[curves] Second day NIST workshop notes
Ben Smith
hyperelliptic at gmail.com
Fri Jun 12 13:38:41 PDT 2015
Hi All,
2015-06-12 21:08 GMT+02:00 Michael Hamburg <mike at shiftleft.org>:
> FourQ: Four-dimensional decompositions on a Q-curve
>
> Want to apply all existing tricks to get a fast curve without compromising security. Uses GF((p^127-1)^2). Cofactor is 392 = 2^3 * 7^2. Complete formulas. Discriminant -40. Two endomorphisms: CM and Frobenius (I think?) gives 4-dimensional decomposition. Roughly 122-bit generic security. Claim is that unlike GLV and GLS, the endomorphisms don’t help rho, because they’re slightly slower. Extension field is only quadratic so no Weil descent. Recoding in constant time.
...so it's not my work, of course, but I think I can clarify something
here on the endomorphisms, and on the claim that the endomorphisms
don't help rho.
TL;DR: they don't help rho, but not because they're slower.

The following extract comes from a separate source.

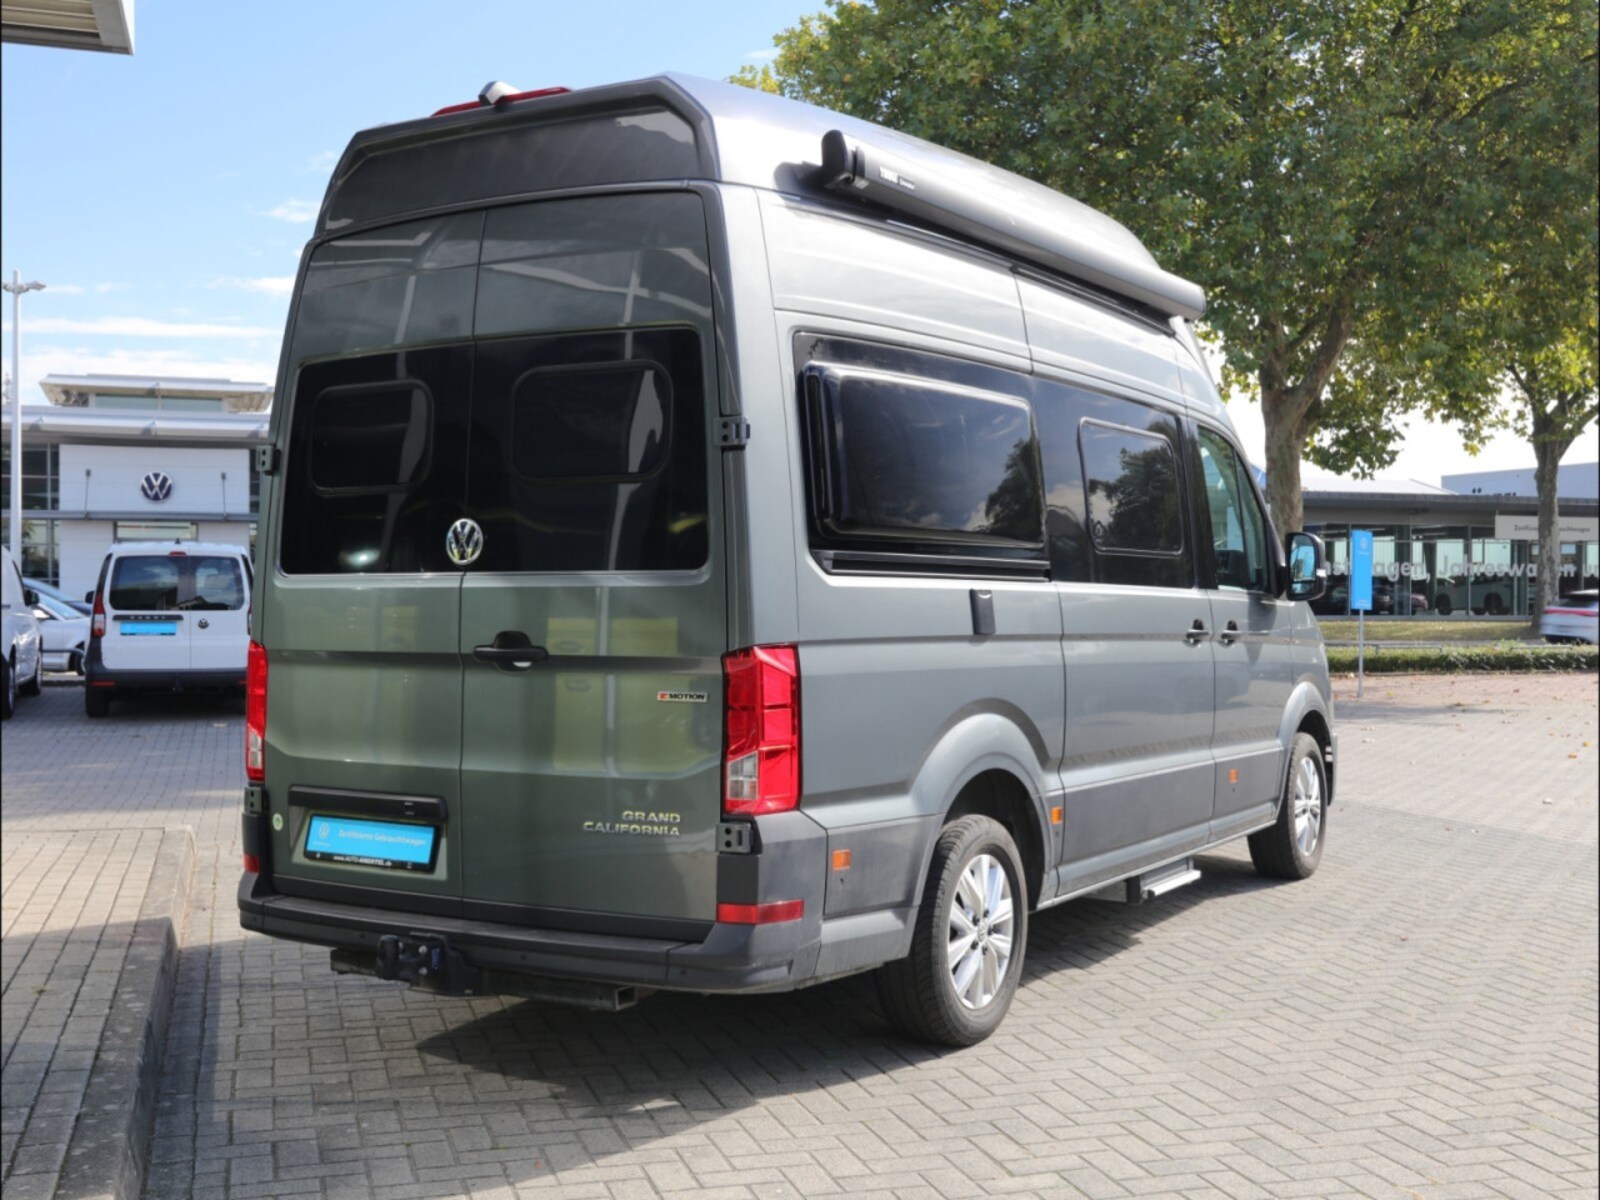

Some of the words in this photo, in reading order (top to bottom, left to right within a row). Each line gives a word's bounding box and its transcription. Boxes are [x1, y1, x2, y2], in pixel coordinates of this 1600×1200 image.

[446, 518, 484, 565] VW
[622, 810, 681, 823] GRAND
[582, 821, 681, 836] CALIFORNIA

First, the endomorphisms in question: The curve has CM by
ZZ[\sqrt{-10}] (so discriminant -40). The cute thing is that the
\sqrt{10} factors into a 2-isogeny followed by a 5-isogeny (and also
as a 5-isogeny followed by a 2-isogeny). So if E/FF_{p^2} is their
curve, then there is
* a 2-isogeny \phi_2: E \to E_1, and
* a 5-isogeny \phi_5: E \to E_1;
...and E_1 is the Galois conjugate of E over FF_p, so you also have
* a p-power Frobenius E_1 \to E.
(I like to see this as the reduction mod p of the intersection of two
families of QQ-curves, but there's no need to look at things that
way.)
Composing that p-powering with \phi_2 and \phi_5 yields endomorphisms
\psi_2 and \psi_5, respectively. If you compose them then you get (up
to sign) \sqrt{10}\pi, where \pi is the p^2-power Frobenius---which
acts trivially on the rational points.
So the natural collection of fast endomorphisms to use for the
4-dimensional decomposition is [ 1, \psi_2, \psi_5, \sqrt{-10} ].

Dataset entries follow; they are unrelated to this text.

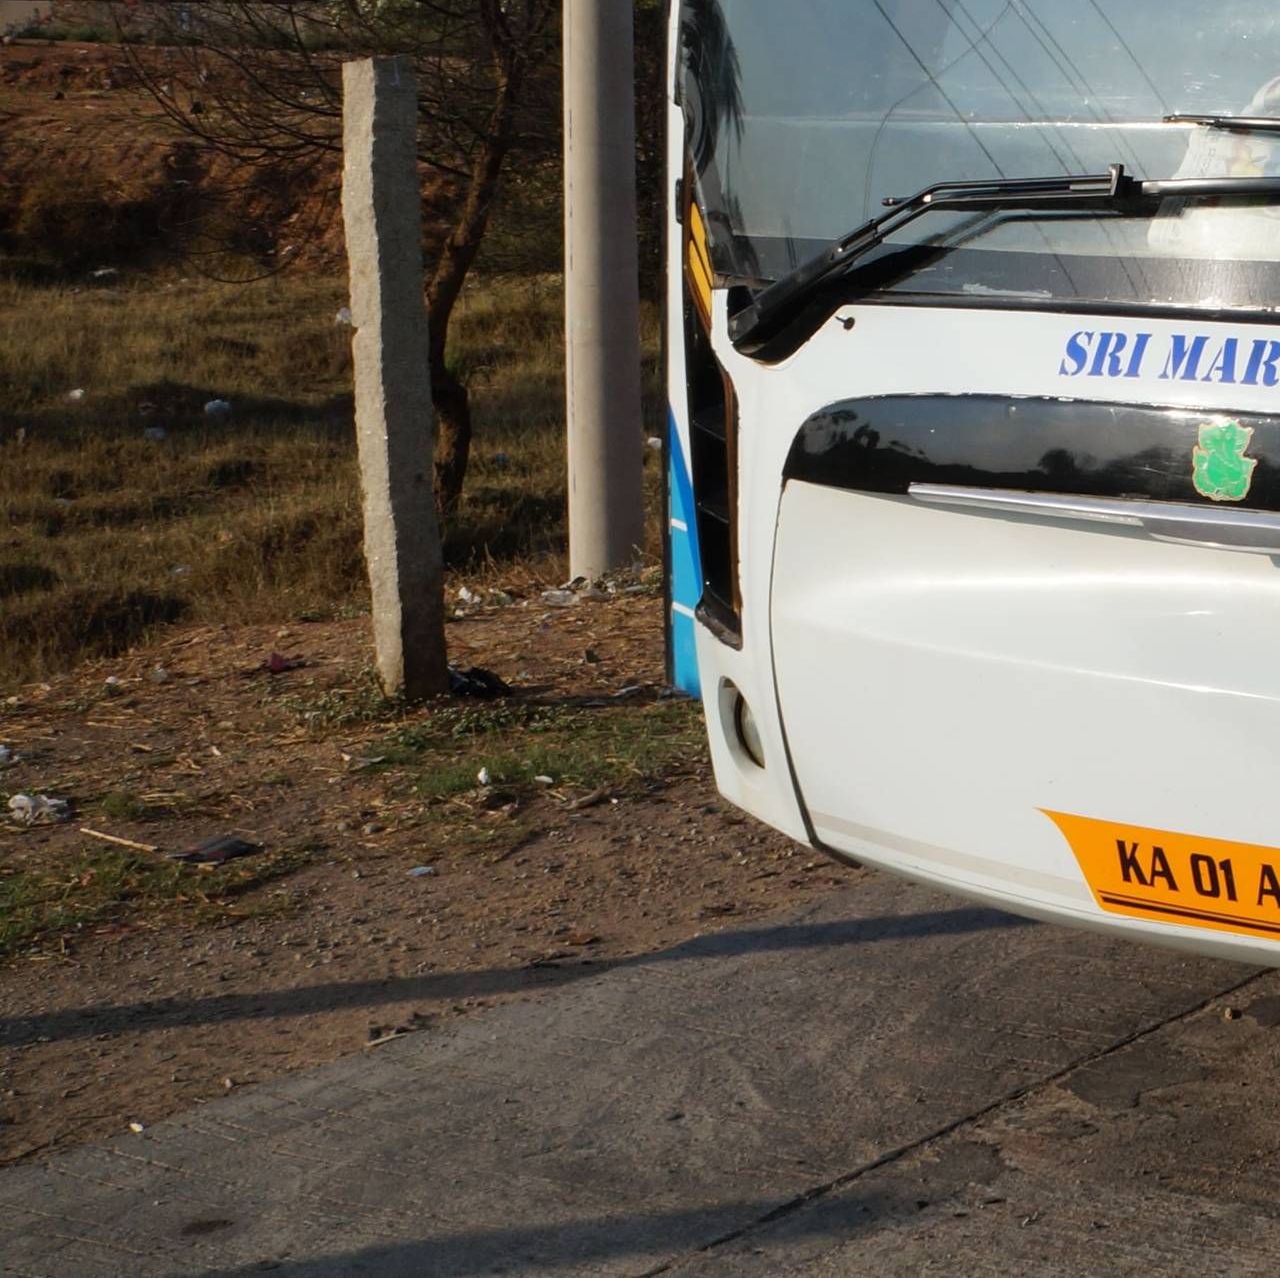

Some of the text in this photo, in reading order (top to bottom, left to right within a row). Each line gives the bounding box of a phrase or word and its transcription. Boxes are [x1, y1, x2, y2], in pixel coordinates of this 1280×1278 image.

[1058, 330, 1153, 378] SRI
[1115, 839, 1180, 892] KA
[1189, 853, 1238, 902] 01
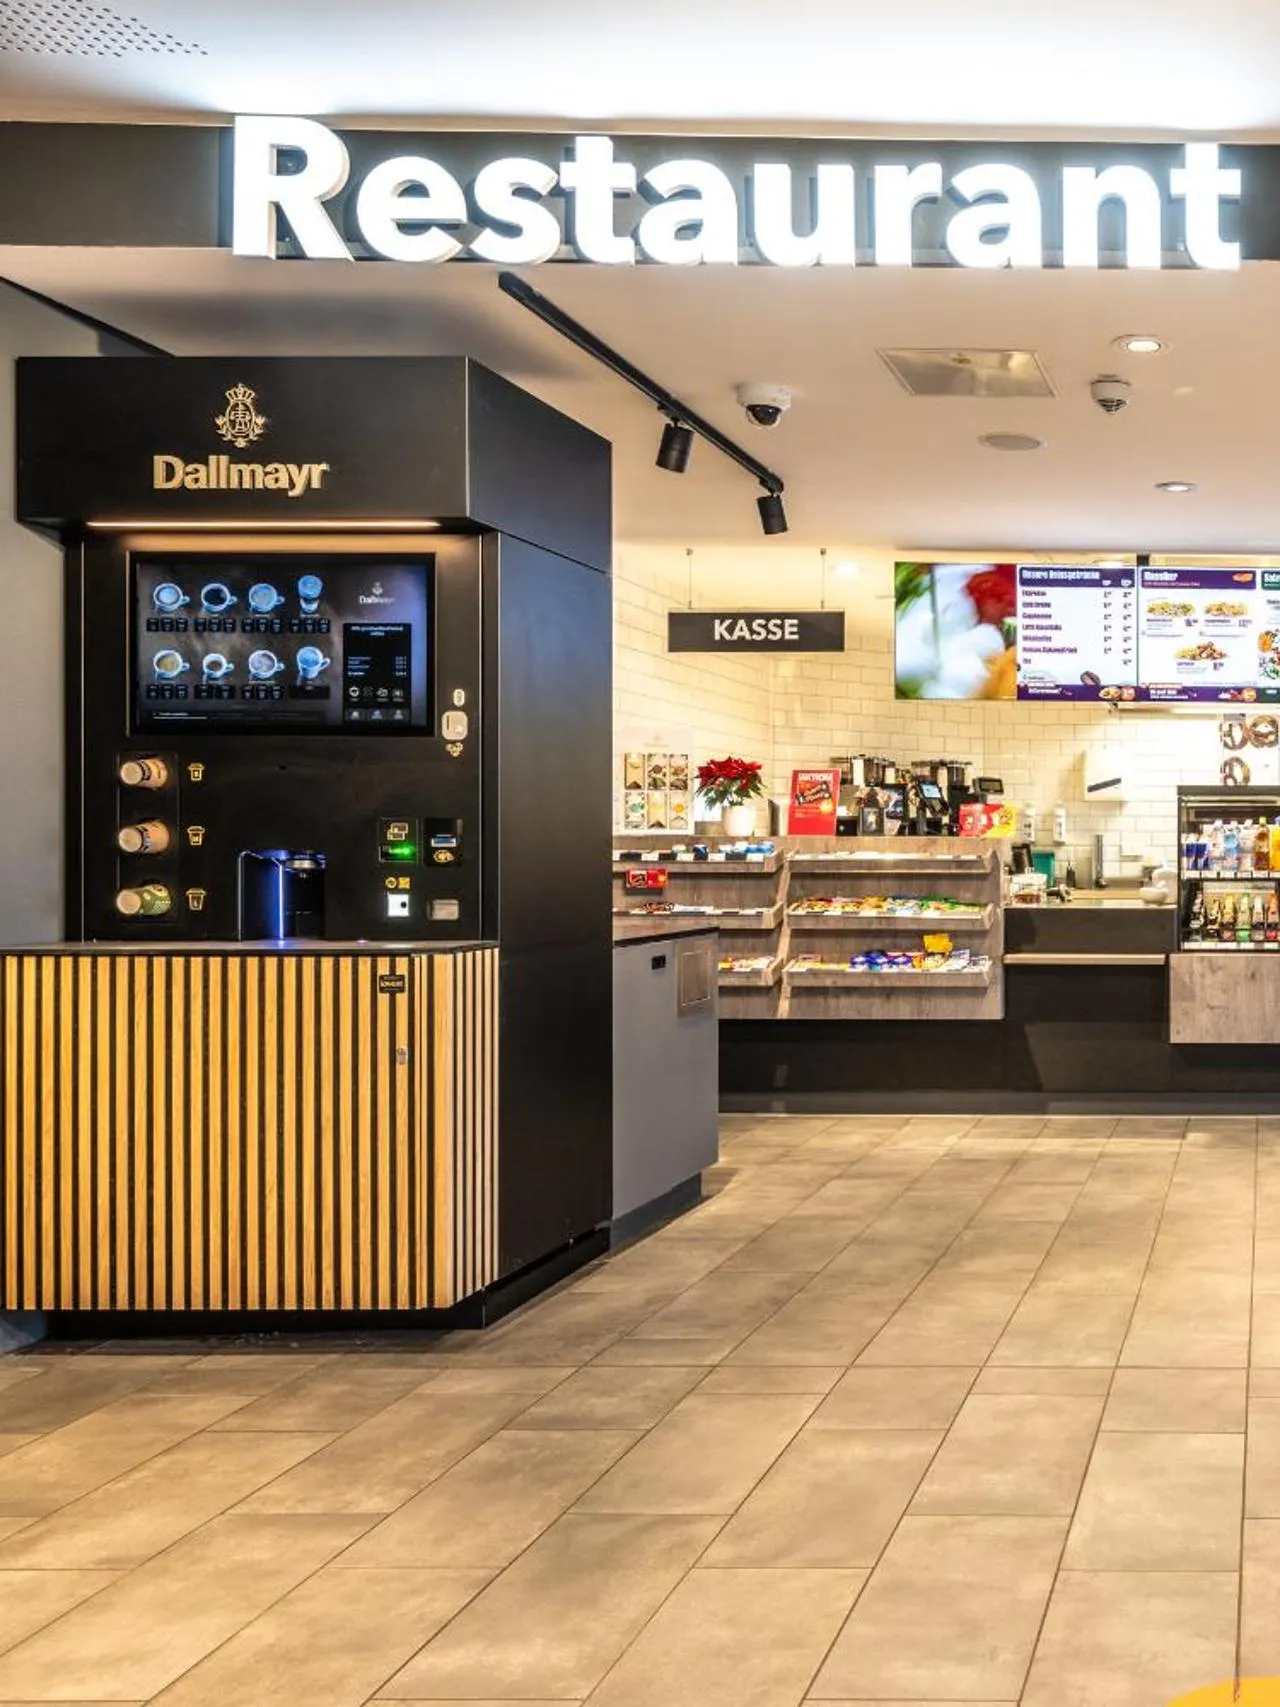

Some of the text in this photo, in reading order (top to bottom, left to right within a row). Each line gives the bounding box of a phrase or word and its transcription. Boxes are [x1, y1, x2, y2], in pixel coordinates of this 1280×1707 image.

[232, 115, 1242, 269] Restaurant
[153, 455, 330, 498] Dallmayr
[713, 619, 800, 641] KASSE

Computing \psi_2 is only as hard as computing a 2-isogeny, \psi_5 as
hard as computing a 5-isogeny, and \sqrt{-10} you can do by recycling
the 5-isogeny and computing another 2-isogeny, as Craig noted during
his talk.
Now, about endomorphisms+Pollard: In his talk Craig said (IIRC)

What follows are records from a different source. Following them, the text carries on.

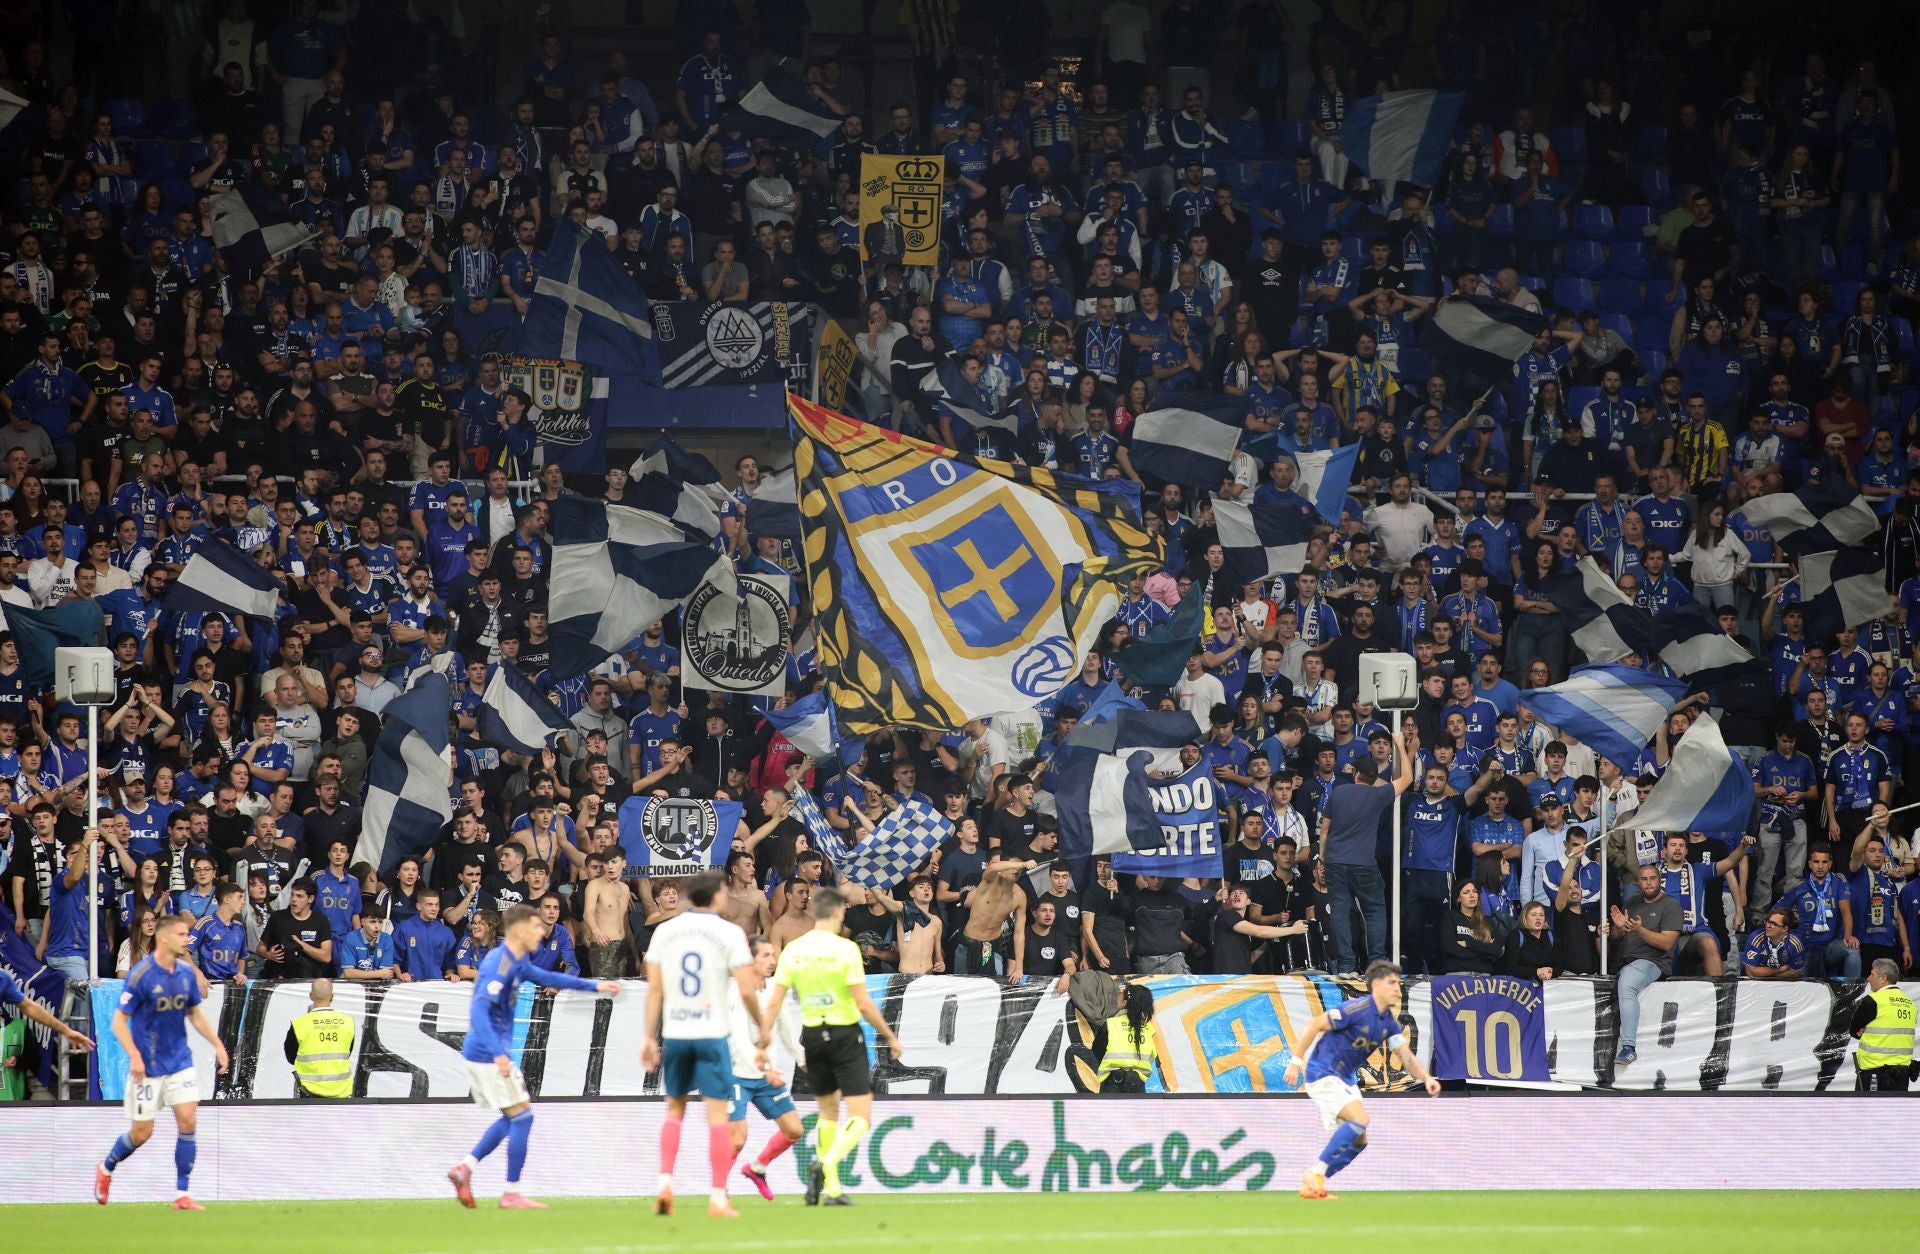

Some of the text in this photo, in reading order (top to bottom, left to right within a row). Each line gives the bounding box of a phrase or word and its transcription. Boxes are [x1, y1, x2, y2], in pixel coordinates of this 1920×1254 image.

[700, 301, 722, 326] OVIEDO
[882, 457, 957, 511] R O
[1651, 520, 1684, 528] DIGI
[700, 650, 774, 683] Oviedo
[0, 694, 23, 703] IGI
[1772, 776, 1802, 788] DIGI
[1148, 776, 1214, 815] NDO
[1413, 812, 1443, 822] DIGI
[645, 833, 664, 854] FANS
[696, 799, 716, 836] ALISATION
[622, 864, 705, 877] SANCIONADOS
[321, 895, 351, 910] DIG
[212, 949, 240, 963] DII
[680, 951, 702, 998] 8
[1436, 978, 1542, 1013] VILLAVERDE
[1897, 1009, 1911, 1020] 051
[319, 1032, 338, 1042] 048
[1128, 1033, 1146, 1045] 00
[1455, 1009, 1523, 1080] 10
[136, 1083, 154, 1101] 20
[869, 1115, 1029, 1188] Corte
[1041, 1100, 1277, 1191] Inglés

"typical GLV" and GLS help rho. The idea being that typical GLV
usually means using an automorphism of order 3 or 4 (ie, j-invariant 0
or 1728) for the accelerating endomorphism, and then that automorphism
can be used for something like Duursma--Gaudry--Morain, where you run
your dlog algorithm using equivalence classes mod the automorphism (in
much the same way as you would normally use the negation map). This
can give you a small speedup.
When it comes to GLS you don't have an automorphism, but the GLS
endomorphism psi acts like an order-4 automorphism on the group of
rational points (ie, psi^4 = (-Frobenius)^2 which acts as 1), so you
should be able to use it in the same way to speed up Pollard rho or
BSGS.
When you go to GLV endomorphisms of higher degree, or the
endomorphisms that appear in QQ-curve reductions, then the analogous
technique doesn't work. Suppose we have an elliptic curve E/FF_q,
with a subgroup G of E(FF_q) of prime order r, say, and a fast
endomorphism phi on E with eigenvalue lambda on G. You still get
obvious equivalence classes (like {P, \phi(P), ..., \phi^{n-1}(P)}
where n is the order of lambda in (ZZ/rZZ)^*), but
1) they can be ridiculously large (worst case: lambda is a generator
of (ZZ/rZZ)^*, in which case the equivalence class of P is G - 0,
which doesn't help at all), and
2) it's important to be able to be able to compute a canonical
representative for the equivalence class (for checking if you've hit
distinguished points) or to be able to test equality mod the
equivalence---and this problem gets painful as the classes get larger
and the endomorphisms get trickier.
This is a question we've had to deal with for RM endomorphisms in
genus 2, and the original QQ-curve reductions, and the answer is the
same. Automorphisms are bad, fast endomorphisms of higher separable
degree are ok.
Cheers,
ben
--
You know we all became mathematicians for the same reason: we were lazy.